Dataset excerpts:
◇ ◇ ◇ ◇

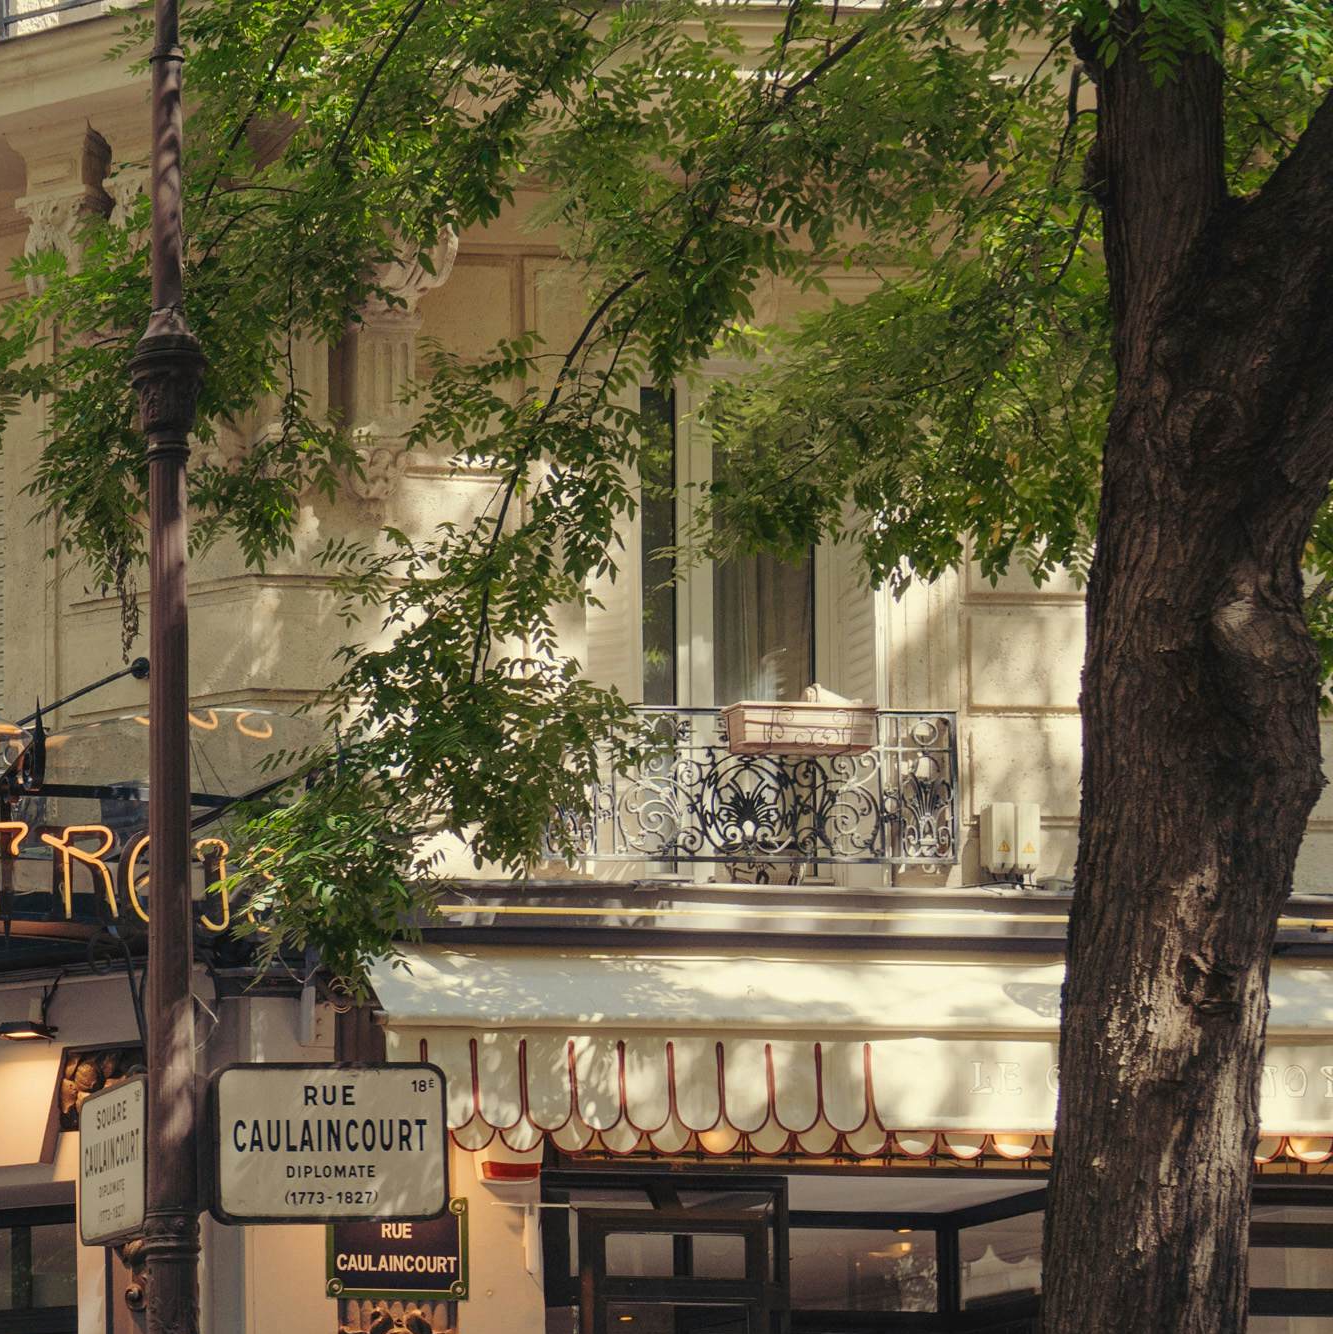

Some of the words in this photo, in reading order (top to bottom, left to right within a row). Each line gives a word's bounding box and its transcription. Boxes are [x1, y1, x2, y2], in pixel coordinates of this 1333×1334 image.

[969, 1061, 1022, 1096] LE
[304, 1085, 356, 1106] RUE
[96, 1100, 128, 1131] SQUARE
[233, 1118, 428, 1153] CAULAINCOURT
[84, 1127, 140, 1178] CAULAINCOURT
[286, 1165, 377, 1179] DIPLOMATE
[284, 1190, 379, 1207] (1773-1827)
[381, 1222, 413, 1239] RUE
[336, 1253, 457, 1274] CAULAINCOURT
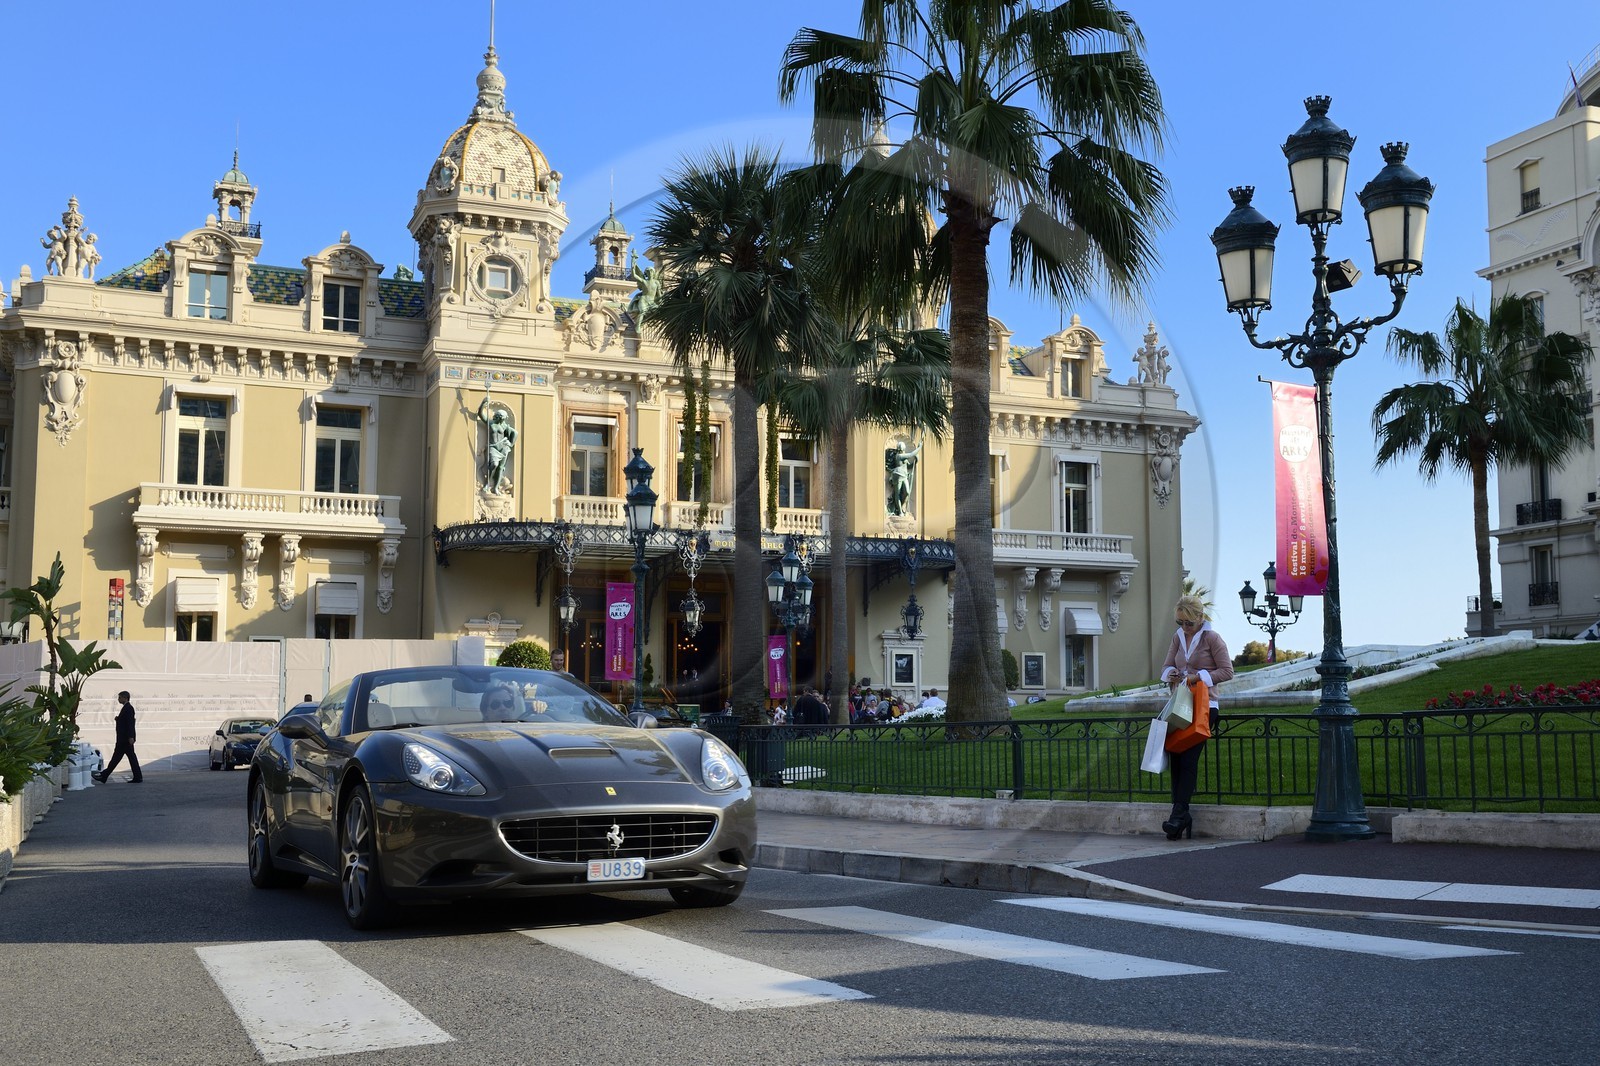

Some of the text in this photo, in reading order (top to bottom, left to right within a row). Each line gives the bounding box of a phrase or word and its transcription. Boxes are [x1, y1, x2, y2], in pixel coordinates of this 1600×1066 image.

[1289, 467, 1298, 526] Monte-Carlo
[1298, 502, 1306, 523] avril
[1290, 528, 1298, 540] de
[1299, 565, 1307, 576] 16
[603, 862, 641, 877] U839
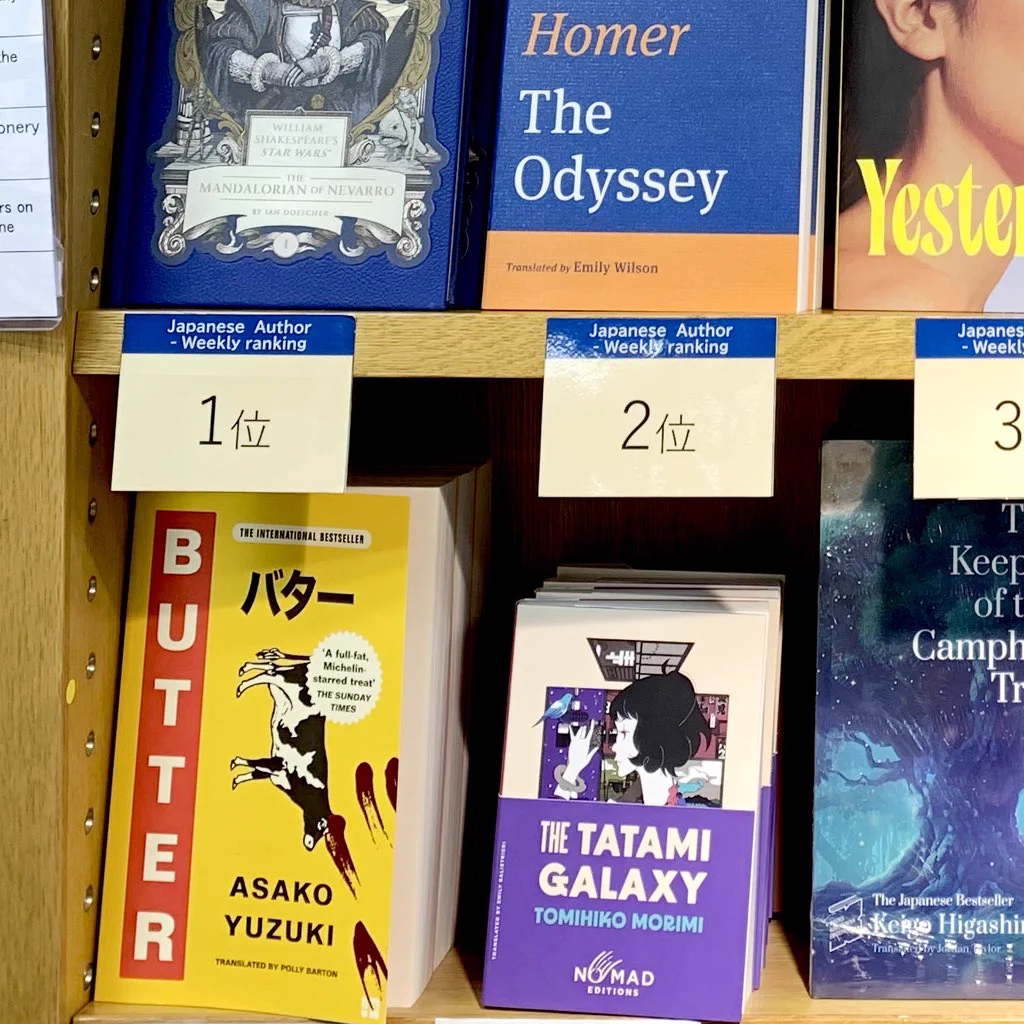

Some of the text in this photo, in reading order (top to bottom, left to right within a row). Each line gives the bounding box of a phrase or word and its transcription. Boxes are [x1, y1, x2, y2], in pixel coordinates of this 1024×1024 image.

[521, 12, 691, 56] Homer
[519, 88, 611, 135] The
[272, 123, 323, 133] WILLIAM
[261, 147, 291, 157] STAR
[199, 182, 395, 197] MANDALORIAN NEVARRO
[514, 154, 728, 215] Odyssey
[506, 260, 659, 275] Translated by Emily Wilson
[167, 318, 311, 336] Japanese Author
[589, 322, 733, 340] Japanese Author
[180, 336, 307, 353] Weekly ranking
[603, 339, 729, 356] Weekly ranking
[198, 394, 271, 451] 1位
[620, 399, 696, 455] 2位
[240, 528, 364, 544] THE INTERNATIONAL BESTSELLER
[240, 569, 354, 620] バター
[974, 587, 1007, 618] of
[335, 649, 369, 661] full-fat,
[323, 662, 367, 673] Michelin-
[313, 675, 347, 686] starred
[317, 690, 372, 702] THE SUNDAY
[331, 704, 356, 713] TIMES
[133, 528, 202, 962] BUTTER
[540, 820, 712, 862] THE TATAMI
[229, 876, 333, 906] ASAKO
[538, 862, 708, 904] GALAXY
[872, 893, 1014, 910] The Japanese Bestseller
[534, 907, 704, 933] TOMIHIKO MORIMI
[872, 912, 932, 939] Keigo
[224, 914, 334, 946] YUZUKI
[215, 958, 338, 978] TRANSLATED POLLY BARTON
[587, 986, 640, 997] EDITIONS

◇ ◇ ◇ ◇

Strip the images and return the remaining data exactly.

Some of the words in this photo, in reading order (top to bottom, left to right within a row). Each line gives a word's bounding box and its transcription. Boxes are [x1, y1, x2, y2], in pixel coordinates of this 1333×1334 image.

[969, 1061, 1022, 1096] LE
[304, 1085, 356, 1106] RUE
[96, 1100, 128, 1131] SQUARE
[233, 1118, 428, 1153] CAULAINCOURT
[84, 1127, 140, 1178] CAULAINCOURT
[286, 1165, 377, 1179] DIPLOMATE
[284, 1190, 379, 1207] (1773-1827)
[381, 1222, 413, 1239] RUE
[336, 1253, 457, 1274] CAULAINCOURT

Some of the text in this photo, in reading order (top to bottom, left to right within a row). Each line gives the bounding box of a phrase or word and its transcription. Boxes are [x1, y1, x2, y2], in pixel coordinates of this 1600×1066 image.

[1289, 467, 1298, 526] Monte-Carlo
[1298, 502, 1306, 523] avril
[1290, 528, 1298, 540] de
[1299, 565, 1307, 576] 16
[603, 862, 641, 877] U839

Some of the text in this photo, in reading order (top to bottom, left to right within a row). Each line gives the bounding box of a phrase or word and its transcription. Boxes are [x1, y1, x2, y2], in pixel coordinates of this 1024×1024 image.

[521, 12, 691, 56] Homer
[519, 88, 611, 135] The
[272, 123, 323, 133] WILLIAM
[261, 147, 291, 157] STAR
[199, 182, 395, 197] MANDALORIAN NEVARRO
[514, 154, 728, 215] Odyssey
[506, 260, 659, 275] Translated by Emily Wilson
[167, 318, 311, 336] Japanese Author
[589, 322, 733, 340] Japanese Author
[180, 336, 307, 353] Weekly ranking
[603, 339, 729, 356] Weekly ranking
[198, 394, 271, 451] 1位
[620, 399, 696, 455] 2位
[240, 528, 364, 544] THE INTERNATIONAL BESTSELLER
[240, 569, 354, 620] バター
[974, 587, 1007, 618] of
[335, 649, 369, 661] full-fat,
[323, 662, 367, 673] Michelin-
[313, 675, 347, 686] starred
[317, 690, 372, 702] THE SUNDAY
[331, 704, 356, 713] TIMES
[133, 528, 202, 962] BUTTER
[540, 820, 712, 862] THE TATAMI
[229, 876, 333, 906] ASAKO
[538, 862, 708, 904] GALAXY
[872, 893, 1014, 910] The Japanese Bestseller
[534, 907, 704, 933] TOMIHIKO MORIMI
[872, 912, 932, 939] Keigo
[224, 914, 334, 946] YUZUKI
[215, 958, 338, 978] TRANSLATED POLLY BARTON
[587, 986, 640, 997] EDITIONS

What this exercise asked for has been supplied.